Twenty minutes into my interview with CEO Rob Nail, and I still couldn’t cut through the buzzwords about his online and in-person education startup. So I asked him straight up, “with as little BS as possible, what does Singularity University do?” He told me “You learn to read the news differently and how to identify which of all the crazy breakthroughs might be relevant to you. The most powerful thing we do is give people hope for the future and a credible path for getting there.”

…Got it.

SU Leadership Forum

Maybe an example would help. You can pay SU $14,500 for a week-long executive training where it will lodge and feed you as it shows you how to figure out how to exploit tech’s next big shift, and the frameworks for creating your own. There are online classes, industry-specific summits, and franchises all over the world beyond its Silicon Valley headquarters.

And with all the excitement, fear, and opportunity locked within technology, it’s no wonder SU just raised a $32 million. People are desperate to understand where business is going, and SU is happy to try to tell them. The series B was co-led by WestRiver Group and Boeing with participation from Silicon Valley Bank, TAL Education Group, Mukita, and PeopleFund. “I won’t say we have an articulated vision of the future . . . but we’re trying to frame the problems and create a future of abundance as a real possibility” Nail tells me.

SU was co-founded in 2008 by futurists Ray Kurzweil and Peter H. Diamandis as a non-profit before becoming a benefit corporation in 2012. Now it’s grown to 100 chapters in 55 countries, whose summits gathered 8000 people in 2017. It also supports 59 social impact startups and non-profits, and has graduated companies like Getaround’s car sharing service, Made In Space’s 3D printers, and Cambrian Genomics’ DNA laser printer. Oh, and it runs a smart city accelerator, and is launching a science entertainment program with NBC called The Awesome Show.

Yet despite there being of plenty of conferences, online courses, and startup accelerators, Nail tried to tell me “I don’t feel like we have direct competitors.”

Teaching the unpredictable can be a dicey, though, since you encounter a lot of charlatans on the way. You know the type. A guru for whatever people want. Always running some company with no clear product. And so I worry that some people might throw themselves into SU’s programming under the false promise that they’ll be shown the light when we’re all fumbling in the dark to some degree.

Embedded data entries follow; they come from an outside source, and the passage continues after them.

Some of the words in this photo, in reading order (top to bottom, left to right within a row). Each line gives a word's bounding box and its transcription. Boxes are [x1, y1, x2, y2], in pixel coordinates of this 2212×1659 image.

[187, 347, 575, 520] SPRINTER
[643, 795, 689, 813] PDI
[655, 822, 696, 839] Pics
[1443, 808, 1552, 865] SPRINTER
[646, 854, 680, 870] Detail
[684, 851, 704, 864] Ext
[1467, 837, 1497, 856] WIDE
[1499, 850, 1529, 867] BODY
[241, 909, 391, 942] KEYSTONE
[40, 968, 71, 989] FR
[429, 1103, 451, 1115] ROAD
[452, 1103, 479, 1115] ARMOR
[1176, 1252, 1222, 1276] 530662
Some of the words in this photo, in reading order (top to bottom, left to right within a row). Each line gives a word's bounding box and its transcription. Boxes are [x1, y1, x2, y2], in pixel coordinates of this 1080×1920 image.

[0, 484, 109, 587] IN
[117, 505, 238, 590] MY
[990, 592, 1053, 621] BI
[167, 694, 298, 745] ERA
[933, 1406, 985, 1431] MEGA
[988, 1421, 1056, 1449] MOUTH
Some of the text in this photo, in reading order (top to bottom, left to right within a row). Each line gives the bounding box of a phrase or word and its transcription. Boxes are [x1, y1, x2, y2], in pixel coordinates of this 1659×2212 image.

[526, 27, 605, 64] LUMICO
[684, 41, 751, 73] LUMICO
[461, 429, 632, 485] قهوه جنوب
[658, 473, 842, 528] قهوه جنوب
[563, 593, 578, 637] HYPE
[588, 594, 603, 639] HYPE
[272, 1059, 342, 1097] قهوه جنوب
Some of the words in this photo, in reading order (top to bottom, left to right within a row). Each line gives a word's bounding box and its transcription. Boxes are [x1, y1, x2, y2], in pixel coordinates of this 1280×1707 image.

But there’s no doubt a keen eye for distinguishing fads from serious trends can be lucrative if it can be taught. Predicting cryptocurrency’s rise, VR’s stagnation, ridesharing’s competition, or CRISPR’s miracles could give people the chance to start new businesses or join the right ones. And so perhaps the money you spend on SU’s myriad programs will unlock new financial mobility. But whether student or professor, everyone must wait and see. There’s no such thing as a sure bet on the future.